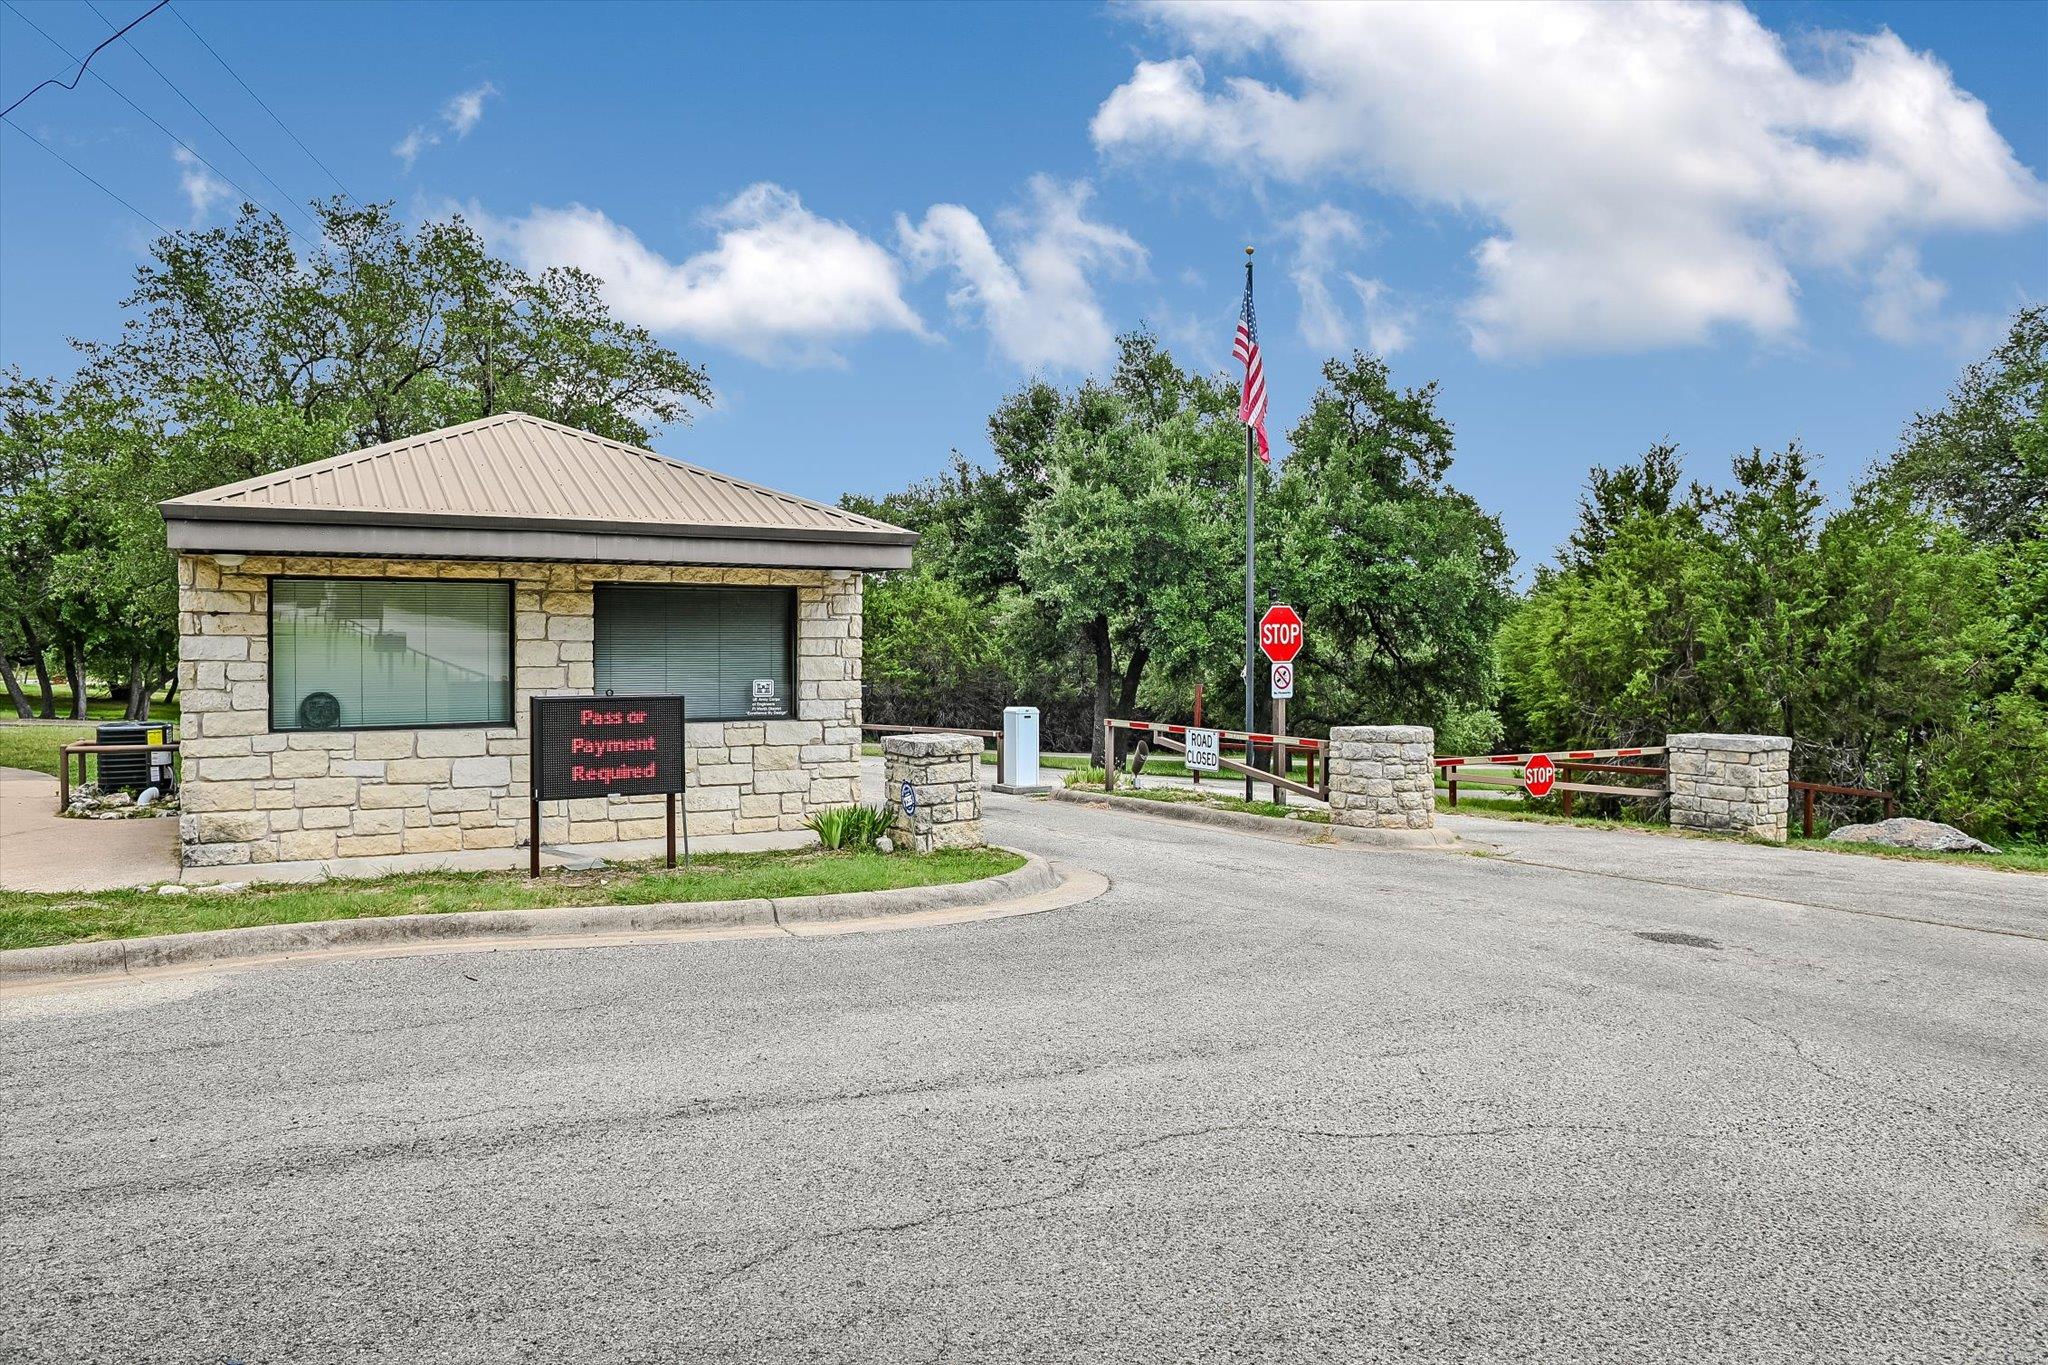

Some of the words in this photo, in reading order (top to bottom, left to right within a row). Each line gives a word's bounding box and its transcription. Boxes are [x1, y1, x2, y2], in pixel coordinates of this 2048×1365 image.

[1263, 623, 1300, 645] STOP
[580, 709, 623, 725] Pass
[626, 710, 648, 724] or
[571, 735, 657, 757] Payment
[1191, 732, 1213, 748] ROAD
[1186, 749, 1217, 767] CLOSED
[571, 761, 657, 784] Required
[1526, 766, 1553, 784] STOP

^^^^^^^^^^^^^^^^

## Task
Each record above must be retyped exactly, minus its pictures.

## Solution to this problem
Some of the words in this photo, in reading order (top to bottom, left to right within a row). Each line gives a word's bounding box and its transcription. Boxes are [x1, y1, x2, y2], in pixel coordinates of this 2048×1365 image.

[1263, 623, 1300, 645] STOP
[580, 709, 623, 725] Pass
[626, 710, 648, 724] or
[571, 735, 657, 757] Payment
[1191, 732, 1213, 748] ROAD
[1186, 749, 1217, 767] CLOSED
[571, 761, 657, 784] Required
[1526, 766, 1553, 784] STOP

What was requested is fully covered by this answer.